Hina fait partie de ces gens qui ne regrettent jamais. Quand la décision est prise, les « et si » ou « j’aurais du » ne servent à rien. La meilleure chose à faire est de s’y tenir et essayer d’en tirer du positif. Ça, c’est ce qu’elle se dit habituellement. Seuls les imbéciles ne changent pas d’avis et Hina, coincée dans sa voiture sur le boulevard Pomaré éprouve ce qu’elle pense être du regret. Pourquoi a t-elle voulu traverser la ville en plein milieu de la journée? Ah oui, pour aller la plage. Il est midi à Tahiti et le soleil est au zénith. Dans sa voiture rouge, Hina cuit. Le moindre superflu accentue la chaleur, y compris la musique qui sort des enceintes. D’un geste agacé, elle l’arrête. Il fait beaucoup trop chaud, même pour Beyoncé. Lunettes de soleil, bikini, les rayons du soleil pénétrant dans la voiture, le bronzage se peaufine déjà. La tentation de faire demi tour est forte mais la promesse d’une baignade éveille en elle une telle félicité qu’elle doit tenir bon. Depuis quelques jours, il fait une chaleur atroce à Tahiti. Chez elle, fini le farniente à l’extérieur. La terrasse n’est pas couverte et malgré qu’elle vive dans les hauteurs de l’ile, aucune brise fraiche n’y parvient. Sous les toits, les moustiques font la guerre à quiconque oserait s’y aventurer. Elle a donc fui. «J’aurais du prendre une douche froide » finit-elle par lâcher. 

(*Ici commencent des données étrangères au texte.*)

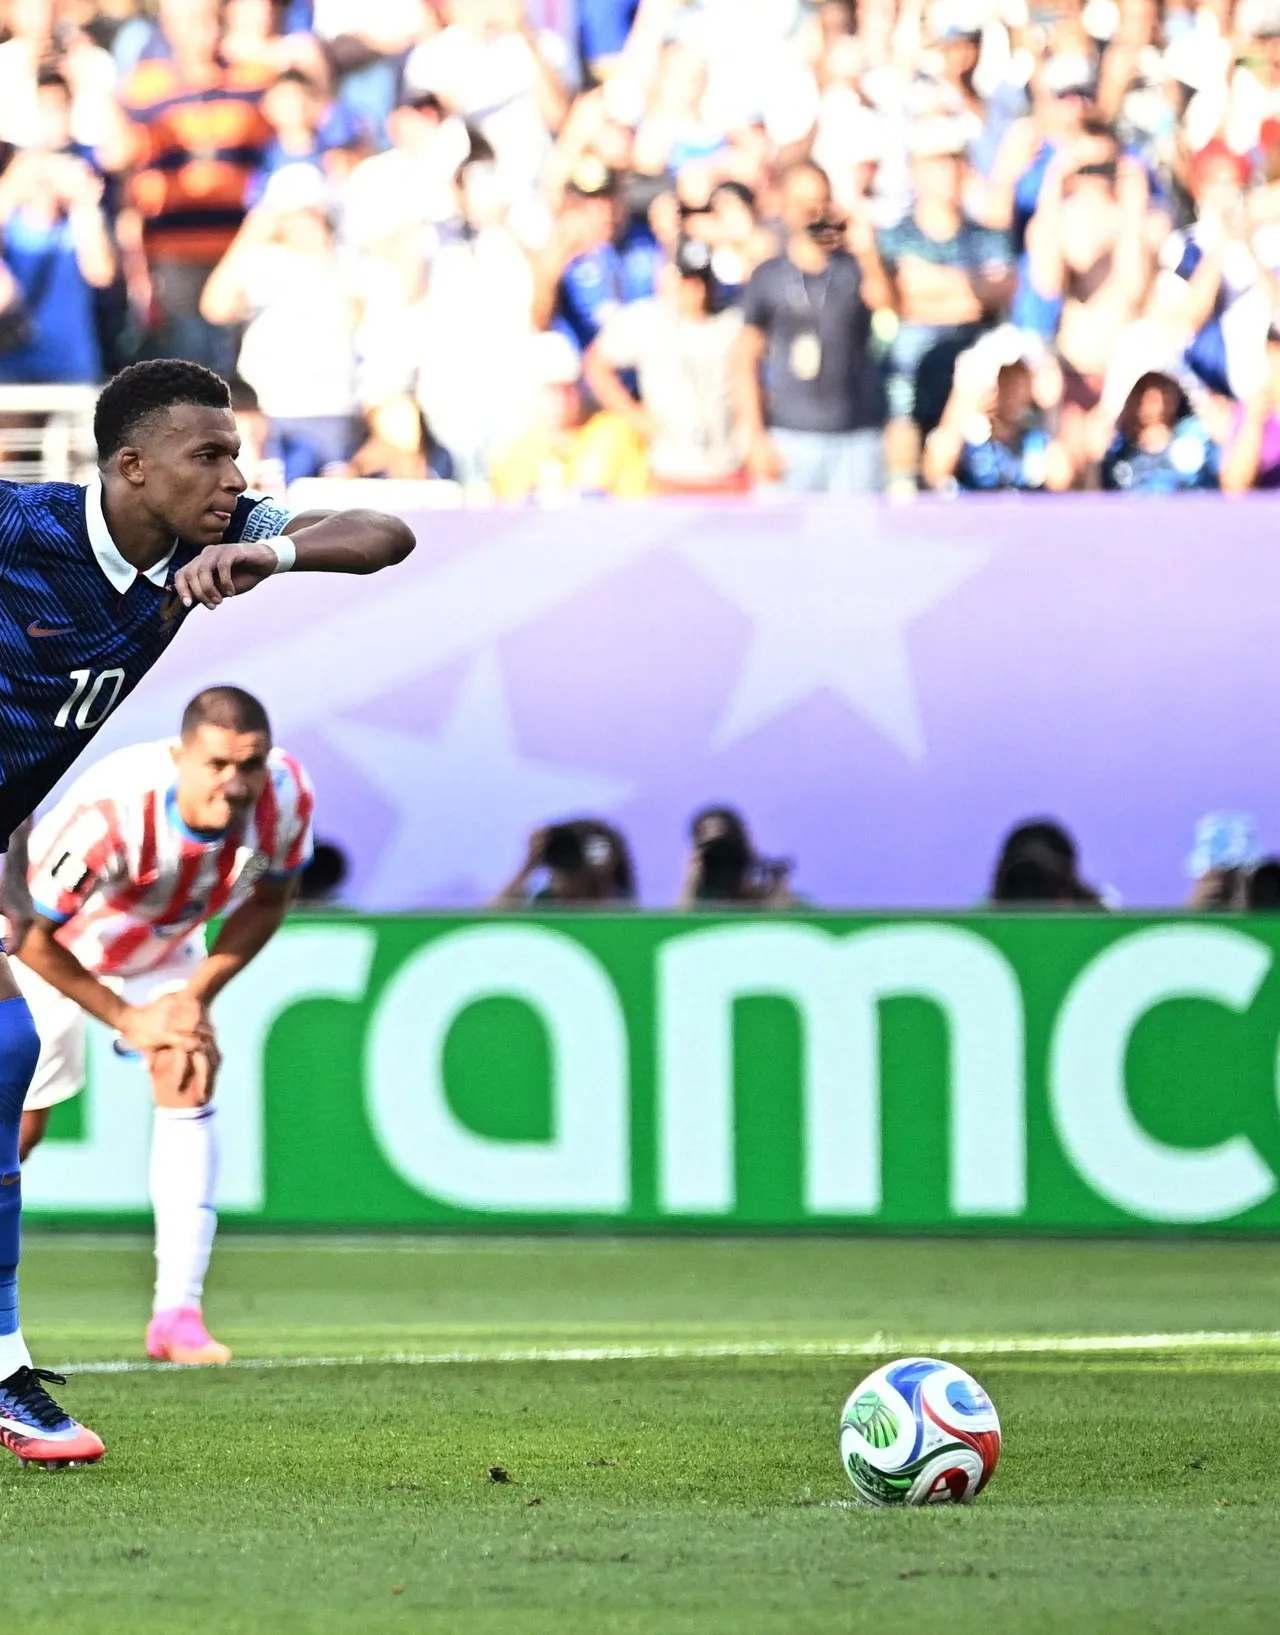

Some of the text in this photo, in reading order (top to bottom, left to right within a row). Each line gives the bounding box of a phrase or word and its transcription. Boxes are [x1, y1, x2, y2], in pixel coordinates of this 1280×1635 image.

[242, 501, 270, 542] FOOTBALL
[251, 507, 280, 543] UNITES
[53, 667, 126, 730] 10

Tout le monde semble avoir eu la même mauvaise idée. Si ce n’est à la plage, où courent-ils donc tous? Se questionne t-elle. Courir n’est pas le mot adéquat ici. Le trafic est si dense et lent sur le boulevard qu’on parlerait plutôt de ramper comme un escargot pour décrire le mouvement. Les motos et scooters arrivent tant bien que mal à gagner des mètres en se faufilant par-ci, par-là. Les chanceux. Pendant ce temps, les voitures impuissantes car trop grosses sont bien obligées de subir le flux ralenti de la route. Comme Hina. C’est toujours pareil à midi. Une fois sur l’avenue Prince Hinoi, elle pourra sentir le vent s’engouffrer dans la voiture. En attendant, les vitres baissées parce que la clim dans la voiture c’est non, Hina observe le centre-ville de Papeete.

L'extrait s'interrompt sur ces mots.